[Opening MATERIAL FOR THIS TASK section]

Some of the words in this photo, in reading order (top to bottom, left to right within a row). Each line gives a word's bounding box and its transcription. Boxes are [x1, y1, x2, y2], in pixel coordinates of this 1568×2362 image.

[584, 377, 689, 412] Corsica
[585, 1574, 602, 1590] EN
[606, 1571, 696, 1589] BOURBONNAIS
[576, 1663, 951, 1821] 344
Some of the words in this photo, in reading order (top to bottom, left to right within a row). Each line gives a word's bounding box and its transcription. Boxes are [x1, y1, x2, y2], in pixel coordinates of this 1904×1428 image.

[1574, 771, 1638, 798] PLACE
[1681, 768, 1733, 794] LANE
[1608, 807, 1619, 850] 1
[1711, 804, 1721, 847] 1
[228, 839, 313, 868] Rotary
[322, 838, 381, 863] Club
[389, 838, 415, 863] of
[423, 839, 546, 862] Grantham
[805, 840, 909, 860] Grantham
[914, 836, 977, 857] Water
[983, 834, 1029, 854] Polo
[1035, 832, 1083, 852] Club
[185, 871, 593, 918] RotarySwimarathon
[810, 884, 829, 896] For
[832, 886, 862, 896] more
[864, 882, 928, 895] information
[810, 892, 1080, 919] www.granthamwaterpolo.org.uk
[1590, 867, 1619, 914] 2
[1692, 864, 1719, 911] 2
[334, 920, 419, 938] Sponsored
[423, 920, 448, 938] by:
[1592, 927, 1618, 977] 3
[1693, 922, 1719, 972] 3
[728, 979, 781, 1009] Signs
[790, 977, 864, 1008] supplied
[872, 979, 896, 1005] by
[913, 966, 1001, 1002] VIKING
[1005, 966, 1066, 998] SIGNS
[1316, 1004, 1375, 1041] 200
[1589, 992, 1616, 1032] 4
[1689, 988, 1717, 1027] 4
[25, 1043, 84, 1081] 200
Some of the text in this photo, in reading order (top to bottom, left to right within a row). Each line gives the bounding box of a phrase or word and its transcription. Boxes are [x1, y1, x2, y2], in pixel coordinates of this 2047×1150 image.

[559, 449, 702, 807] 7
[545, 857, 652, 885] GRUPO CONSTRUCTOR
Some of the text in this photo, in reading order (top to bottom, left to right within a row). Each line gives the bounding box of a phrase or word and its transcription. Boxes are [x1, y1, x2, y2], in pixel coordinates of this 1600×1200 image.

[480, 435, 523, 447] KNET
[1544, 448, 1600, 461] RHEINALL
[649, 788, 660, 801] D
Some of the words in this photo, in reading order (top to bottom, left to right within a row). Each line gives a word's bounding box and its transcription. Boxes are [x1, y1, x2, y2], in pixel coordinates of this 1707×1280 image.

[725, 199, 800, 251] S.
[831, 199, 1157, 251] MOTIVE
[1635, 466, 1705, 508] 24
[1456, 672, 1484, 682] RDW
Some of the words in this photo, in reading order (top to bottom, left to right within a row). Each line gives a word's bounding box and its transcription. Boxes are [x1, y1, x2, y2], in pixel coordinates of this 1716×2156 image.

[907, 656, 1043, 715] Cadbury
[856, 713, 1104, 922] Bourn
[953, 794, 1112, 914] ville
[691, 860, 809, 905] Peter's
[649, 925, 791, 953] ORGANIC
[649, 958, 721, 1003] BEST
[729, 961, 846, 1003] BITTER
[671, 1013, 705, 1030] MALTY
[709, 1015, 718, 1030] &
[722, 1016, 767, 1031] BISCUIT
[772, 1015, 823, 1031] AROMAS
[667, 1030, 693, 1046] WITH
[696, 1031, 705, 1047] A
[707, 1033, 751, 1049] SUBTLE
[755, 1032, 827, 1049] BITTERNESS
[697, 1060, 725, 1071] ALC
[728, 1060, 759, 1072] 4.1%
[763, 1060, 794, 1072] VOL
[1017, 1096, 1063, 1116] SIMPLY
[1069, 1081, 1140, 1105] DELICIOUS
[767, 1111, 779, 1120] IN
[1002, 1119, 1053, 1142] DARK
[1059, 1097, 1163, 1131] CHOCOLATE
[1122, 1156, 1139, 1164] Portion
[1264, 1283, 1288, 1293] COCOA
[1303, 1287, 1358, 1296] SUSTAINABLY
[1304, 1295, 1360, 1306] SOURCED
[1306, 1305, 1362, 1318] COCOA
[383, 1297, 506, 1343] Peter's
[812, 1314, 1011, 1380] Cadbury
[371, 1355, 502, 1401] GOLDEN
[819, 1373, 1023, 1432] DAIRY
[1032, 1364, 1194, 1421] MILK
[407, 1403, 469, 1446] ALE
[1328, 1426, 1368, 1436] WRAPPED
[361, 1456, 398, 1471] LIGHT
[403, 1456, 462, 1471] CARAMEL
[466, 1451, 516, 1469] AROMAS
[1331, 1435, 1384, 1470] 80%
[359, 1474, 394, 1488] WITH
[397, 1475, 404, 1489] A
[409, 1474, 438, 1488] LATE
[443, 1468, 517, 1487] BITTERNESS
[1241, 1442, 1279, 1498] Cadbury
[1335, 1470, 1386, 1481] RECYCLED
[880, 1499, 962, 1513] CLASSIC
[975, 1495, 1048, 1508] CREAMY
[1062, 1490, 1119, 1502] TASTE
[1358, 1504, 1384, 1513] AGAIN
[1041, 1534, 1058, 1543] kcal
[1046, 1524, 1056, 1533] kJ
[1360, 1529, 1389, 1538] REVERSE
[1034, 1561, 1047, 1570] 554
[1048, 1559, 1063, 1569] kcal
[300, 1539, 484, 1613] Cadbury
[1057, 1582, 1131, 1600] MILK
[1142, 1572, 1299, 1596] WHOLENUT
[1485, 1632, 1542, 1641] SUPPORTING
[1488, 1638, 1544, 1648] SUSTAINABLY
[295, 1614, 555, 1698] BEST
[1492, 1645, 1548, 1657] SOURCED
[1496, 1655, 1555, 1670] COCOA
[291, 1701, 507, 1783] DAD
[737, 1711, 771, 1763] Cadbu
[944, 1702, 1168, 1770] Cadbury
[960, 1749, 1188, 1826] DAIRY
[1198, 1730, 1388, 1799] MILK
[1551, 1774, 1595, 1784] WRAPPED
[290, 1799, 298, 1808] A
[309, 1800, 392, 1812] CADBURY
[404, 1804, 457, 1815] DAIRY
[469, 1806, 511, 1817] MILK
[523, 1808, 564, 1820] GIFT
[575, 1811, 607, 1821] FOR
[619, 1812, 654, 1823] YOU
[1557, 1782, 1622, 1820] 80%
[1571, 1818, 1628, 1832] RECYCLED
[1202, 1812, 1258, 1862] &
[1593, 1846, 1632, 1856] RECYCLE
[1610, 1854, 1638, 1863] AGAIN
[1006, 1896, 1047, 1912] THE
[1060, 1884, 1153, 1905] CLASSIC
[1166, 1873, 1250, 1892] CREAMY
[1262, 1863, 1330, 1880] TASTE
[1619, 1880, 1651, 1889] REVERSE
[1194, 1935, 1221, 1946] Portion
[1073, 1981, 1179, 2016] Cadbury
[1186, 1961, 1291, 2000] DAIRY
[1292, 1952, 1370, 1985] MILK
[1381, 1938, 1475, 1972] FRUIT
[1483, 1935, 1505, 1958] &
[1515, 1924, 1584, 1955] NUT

[Closing MATERIAL FOR THIS TASK section]

**PROBLEM STATEMENT:**
Each record above needs to be given again exactly as written.

**TASK RESULT:**
Some of the words in this photo, in reading order (top to bottom, left to right within a row). Each line gives a word's bounding box and its transcription. Boxes are [x1, y1, x2, y2], in pixel coordinates of this 1568×2362 image.

[584, 377, 689, 412] Corsica
[585, 1574, 602, 1590] EN
[606, 1571, 696, 1589] BOURBONNAIS
[576, 1663, 951, 1821] 344
Some of the words in this photo, in reading order (top to bottom, left to right within a row). Each line gives a word's bounding box and its transcription. Boxes are [x1, y1, x2, y2], in pixel coordinates of this 1904×1428 image.

[1574, 771, 1638, 798] PLACE
[1681, 768, 1733, 794] LANE
[1608, 807, 1619, 850] 1
[1711, 804, 1721, 847] 1
[228, 839, 313, 868] Rotary
[322, 838, 381, 863] Club
[389, 838, 415, 863] of
[423, 839, 546, 862] Grantham
[805, 840, 909, 860] Grantham
[914, 836, 977, 857] Water
[983, 834, 1029, 854] Polo
[1035, 832, 1083, 852] Club
[185, 871, 593, 918] RotarySwimarathon
[810, 884, 829, 896] For
[832, 886, 862, 896] more
[864, 882, 928, 895] information
[810, 892, 1080, 919] www.granthamwaterpolo.org.uk
[1590, 867, 1619, 914] 2
[1692, 864, 1719, 911] 2
[334, 920, 419, 938] Sponsored
[423, 920, 448, 938] by:
[1592, 927, 1618, 977] 3
[1693, 922, 1719, 972] 3
[728, 979, 781, 1009] Signs
[790, 977, 864, 1008] supplied
[872, 979, 896, 1005] by
[913, 966, 1001, 1002] VIKING
[1005, 966, 1066, 998] SIGNS
[1316, 1004, 1375, 1041] 200
[1589, 992, 1616, 1032] 4
[1689, 988, 1717, 1027] 4
[25, 1043, 84, 1081] 200
Some of the text in this photo, in reading order (top to bottom, left to right within a row). Each line gives the bounding box of a phrase or word and its transcription. Boxes are [x1, y1, x2, y2], in pixel coordinates of this 2047×1150 image.

[559, 449, 702, 807] 7
[545, 857, 652, 885] GRUPO CONSTRUCTOR
Some of the text in this photo, in reading order (top to bottom, left to right within a row). Each line gives the bounding box of a phrase or word and its transcription. Boxes are [x1, y1, x2, y2], in pixel coordinates of this 1600×1200 image.

[480, 435, 523, 447] KNET
[1544, 448, 1600, 461] RHEINALL
[649, 788, 660, 801] D
Some of the words in this photo, in reading order (top to bottom, left to right within a row). Each line gives a word's bounding box and its transcription. Boxes are [x1, y1, x2, y2], in pixel coordinates of this 1707×1280 image.

[725, 199, 800, 251] S.
[831, 199, 1157, 251] MOTIVE
[1635, 466, 1705, 508] 24
[1456, 672, 1484, 682] RDW
Some of the words in this photo, in reading order (top to bottom, left to right within a row). Each line gives a word's bounding box and its transcription. Boxes are [x1, y1, x2, y2], in pixel coordinates of this 1716×2156 image.

[907, 656, 1043, 715] Cadbury
[856, 713, 1104, 922] Bourn
[953, 794, 1112, 914] ville
[691, 860, 809, 905] Peter's
[649, 925, 791, 953] ORGANIC
[649, 958, 721, 1003] BEST
[729, 961, 846, 1003] BITTER
[671, 1013, 705, 1030] MALTY
[709, 1015, 718, 1030] &
[722, 1016, 767, 1031] BISCUIT
[772, 1015, 823, 1031] AROMAS
[667, 1030, 693, 1046] WITH
[696, 1031, 705, 1047] A
[707, 1033, 751, 1049] SUBTLE
[755, 1032, 827, 1049] BITTERNESS
[697, 1060, 725, 1071] ALC
[728, 1060, 759, 1072] 4.1%
[763, 1060, 794, 1072] VOL
[1017, 1096, 1063, 1116] SIMPLY
[1069, 1081, 1140, 1105] DELICIOUS
[767, 1111, 779, 1120] IN
[1002, 1119, 1053, 1142] DARK
[1059, 1097, 1163, 1131] CHOCOLATE
[1122, 1156, 1139, 1164] Portion
[1264, 1283, 1288, 1293] COCOA
[1303, 1287, 1358, 1296] SUSTAINABLY
[1304, 1295, 1360, 1306] SOURCED
[1306, 1305, 1362, 1318] COCOA
[383, 1297, 506, 1343] Peter's
[812, 1314, 1011, 1380] Cadbury
[371, 1355, 502, 1401] GOLDEN
[819, 1373, 1023, 1432] DAIRY
[1032, 1364, 1194, 1421] MILK
[407, 1403, 469, 1446] ALE
[1328, 1426, 1368, 1436] WRAPPED
[361, 1456, 398, 1471] LIGHT
[403, 1456, 462, 1471] CARAMEL
[466, 1451, 516, 1469] AROMAS
[1331, 1435, 1384, 1470] 80%
[359, 1474, 394, 1488] WITH
[397, 1475, 404, 1489] A
[409, 1474, 438, 1488] LATE
[443, 1468, 517, 1487] BITTERNESS
[1241, 1442, 1279, 1498] Cadbury
[1335, 1470, 1386, 1481] RECYCLED
[880, 1499, 962, 1513] CLASSIC
[975, 1495, 1048, 1508] CREAMY
[1062, 1490, 1119, 1502] TASTE
[1358, 1504, 1384, 1513] AGAIN
[1041, 1534, 1058, 1543] kcal
[1046, 1524, 1056, 1533] kJ
[1360, 1529, 1389, 1538] REVERSE
[1034, 1561, 1047, 1570] 554
[1048, 1559, 1063, 1569] kcal
[300, 1539, 484, 1613] Cadbury
[1057, 1582, 1131, 1600] MILK
[1142, 1572, 1299, 1596] WHOLENUT
[1485, 1632, 1542, 1641] SUPPORTING
[1488, 1638, 1544, 1648] SUSTAINABLY
[295, 1614, 555, 1698] BEST
[1492, 1645, 1548, 1657] SOURCED
[1496, 1655, 1555, 1670] COCOA
[291, 1701, 507, 1783] DAD
[737, 1711, 771, 1763] Cadbu
[944, 1702, 1168, 1770] Cadbury
[960, 1749, 1188, 1826] DAIRY
[1198, 1730, 1388, 1799] MILK
[1551, 1774, 1595, 1784] WRAPPED
[290, 1799, 298, 1808] A
[309, 1800, 392, 1812] CADBURY
[404, 1804, 457, 1815] DAIRY
[469, 1806, 511, 1817] MILK
[523, 1808, 564, 1820] GIFT
[575, 1811, 607, 1821] FOR
[619, 1812, 654, 1823] YOU
[1557, 1782, 1622, 1820] 80%
[1571, 1818, 1628, 1832] RECYCLED
[1202, 1812, 1258, 1862] &
[1593, 1846, 1632, 1856] RECYCLE
[1610, 1854, 1638, 1863] AGAIN
[1006, 1896, 1047, 1912] THE
[1060, 1884, 1153, 1905] CLASSIC
[1166, 1873, 1250, 1892] CREAMY
[1262, 1863, 1330, 1880] TASTE
[1619, 1880, 1651, 1889] REVERSE
[1194, 1935, 1221, 1946] Portion
[1073, 1981, 1179, 2016] Cadbury
[1186, 1961, 1291, 2000] DAIRY
[1292, 1952, 1370, 1985] MILK
[1381, 1938, 1475, 1972] FRUIT
[1483, 1935, 1505, 1958] &
[1515, 1924, 1584, 1955] NUT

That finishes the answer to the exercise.